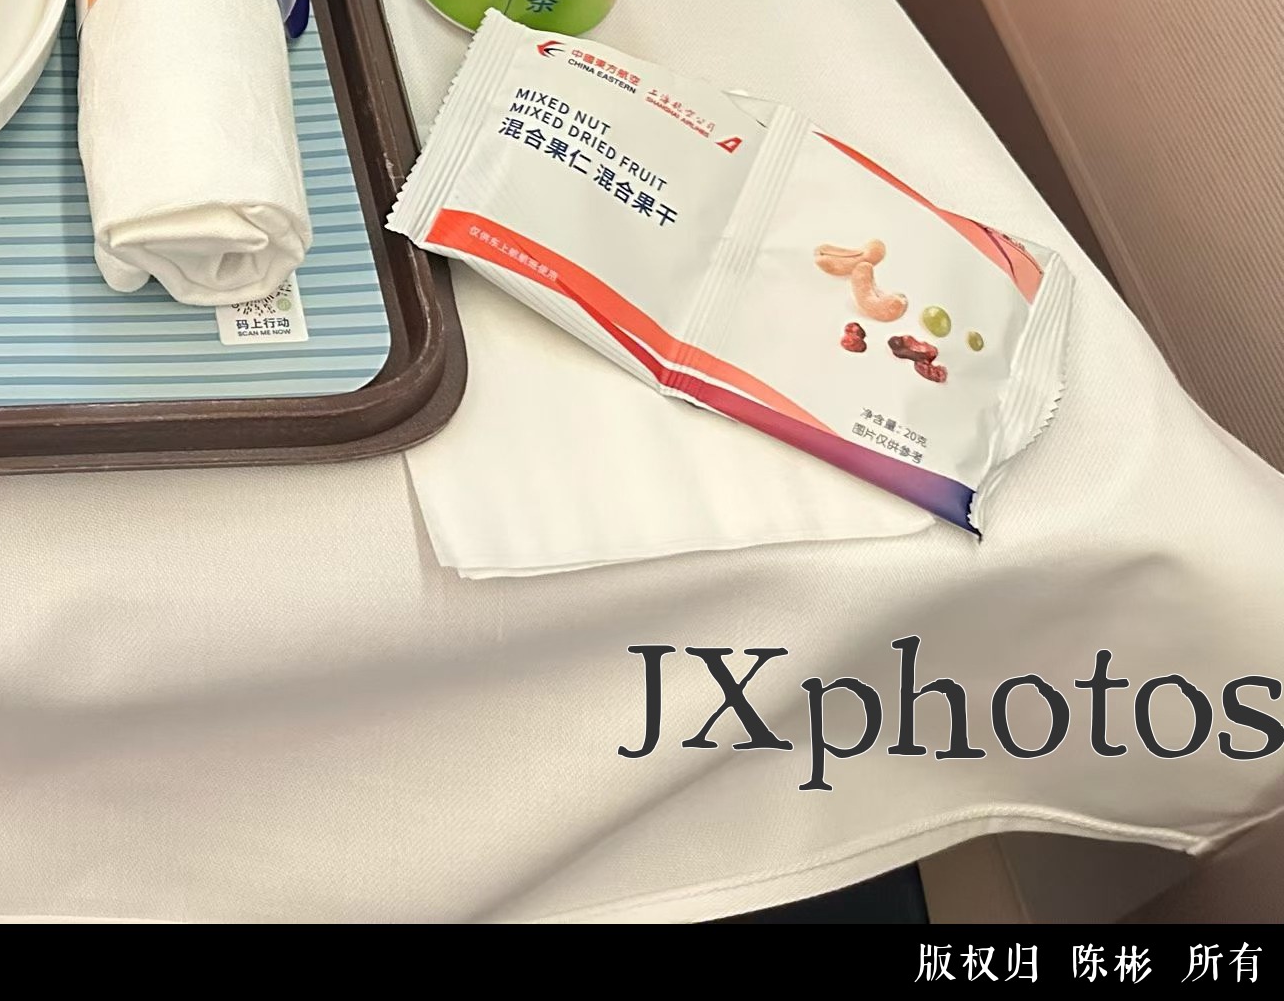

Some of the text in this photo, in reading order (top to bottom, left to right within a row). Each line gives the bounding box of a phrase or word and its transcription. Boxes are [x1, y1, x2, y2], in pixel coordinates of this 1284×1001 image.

[567, 58, 637, 94] CHINA EASTERN
[571, 49, 641, 87] 中國東方航空
[515, 88, 612, 136] MIXED NUT
[645, 95, 710, 139] SHANGHAI AIRLINES
[509, 103, 668, 192] MIXED DRIED FRUIT
[498, 116, 678, 228] 混合果仁 混合果干
[235, 317, 290, 330] 码上行动
[237, 329, 259, 337] SCAN
[272, 328, 291, 336] NOW
[851, 422, 923, 464] 图片仅供参考
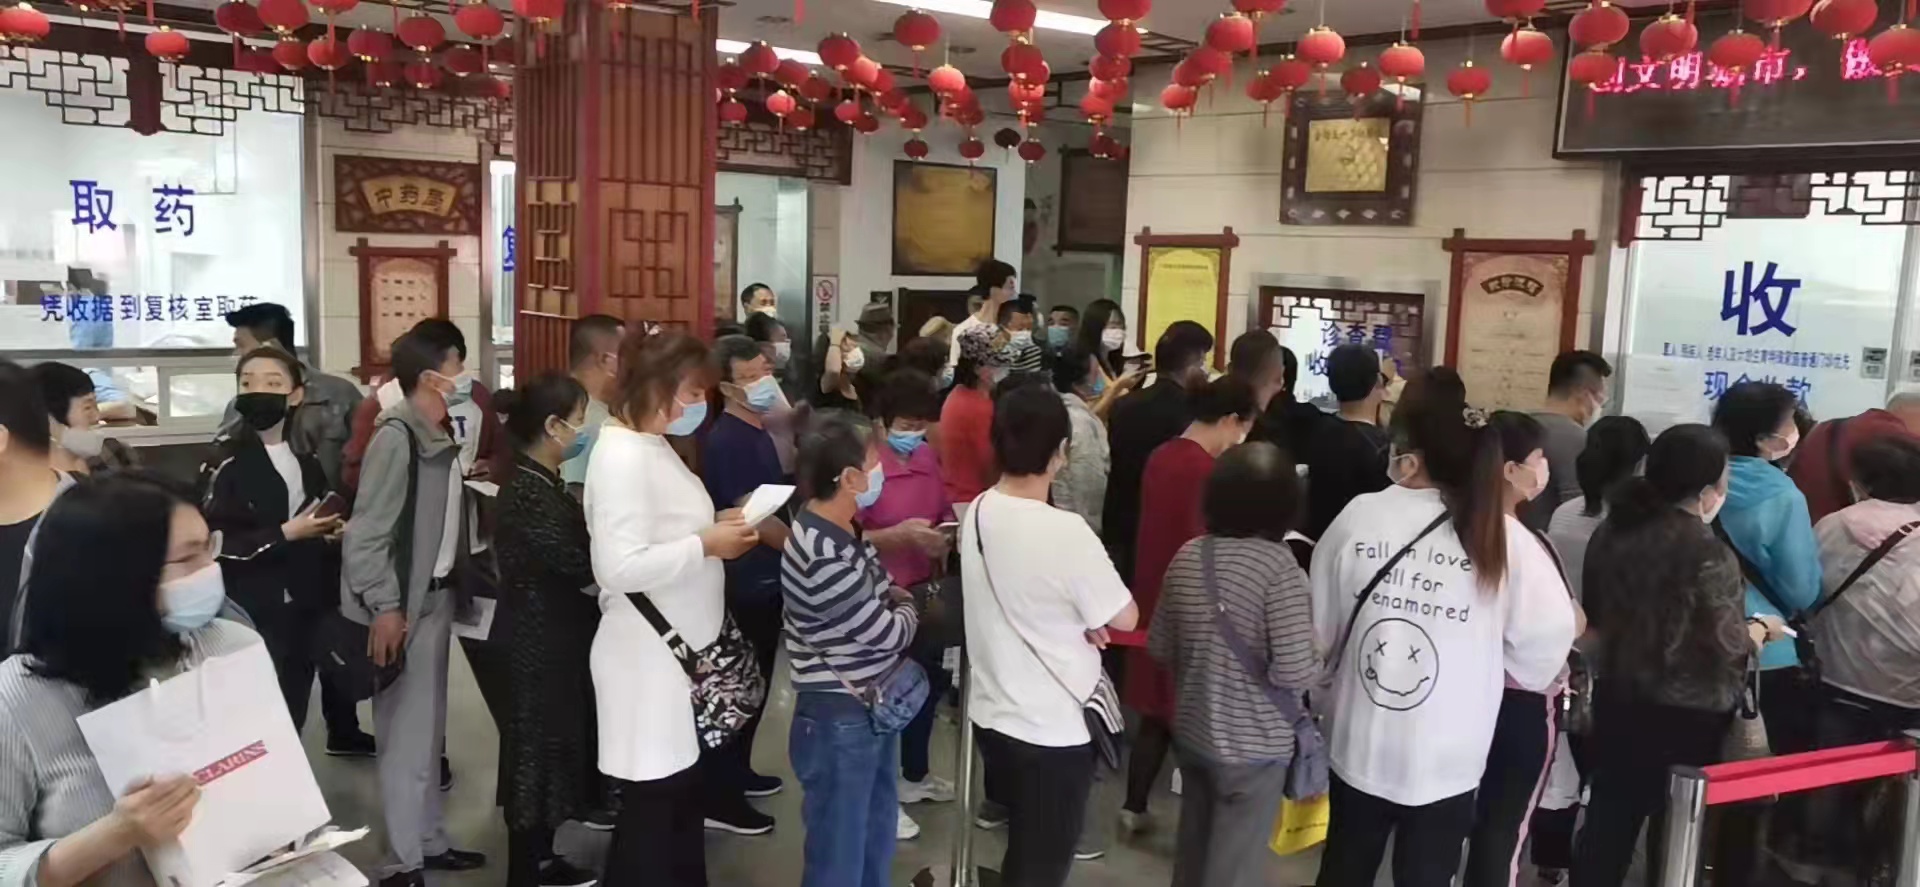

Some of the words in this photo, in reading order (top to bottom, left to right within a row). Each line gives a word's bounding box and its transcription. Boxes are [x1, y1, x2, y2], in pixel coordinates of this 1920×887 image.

[69, 179, 194, 236] 取药
[1720, 260, 1801, 337] 收
[1704, 370, 1811, 401] 现款
[1355, 541, 1389, 559] Fall
[1427, 546, 1472, 572] love
[1379, 567, 1405, 587] all
[1411, 572, 1444, 593] for

══════════

(WORK INSTRUCTIONS):
Except for the pictures, set down each line of the records exactly as it appears.

(TASK OUTPUT):
Some of the text in this photo, in reading order (top to bottom, left to right within a row). Each line gives the bounding box of a phrase or word and its transcription. Boxes are [x1, y1, x2, y2], in pixel coordinates of this 1284×1001 image.

[567, 58, 637, 94] CHINA EASTERN
[571, 49, 641, 87] 中國東方航空
[515, 88, 612, 136] MIXED NUT
[645, 95, 710, 139] SHANGHAI AIRLINES
[509, 103, 668, 192] MIXED DRIED FRUIT
[498, 116, 678, 228] 混合果仁 混合果干
[235, 317, 290, 330] 码上行动
[237, 329, 259, 337] SCAN
[272, 328, 291, 336] NOW
[851, 422, 923, 464] 图片仅供参考

Some of the words in this photo, in reading order (top to bottom, left to right within a row). Each line gives a word's bounding box and its transcription. Boxes are [x1, y1, x2, y2], in pixel coordinates of this 1920×887 image.

[69, 179, 194, 236] 取药
[1720, 260, 1801, 337] 收
[1704, 370, 1811, 401] 现款
[1355, 541, 1389, 559] Fall
[1427, 546, 1472, 572] love
[1379, 567, 1405, 587] all
[1411, 572, 1444, 593] for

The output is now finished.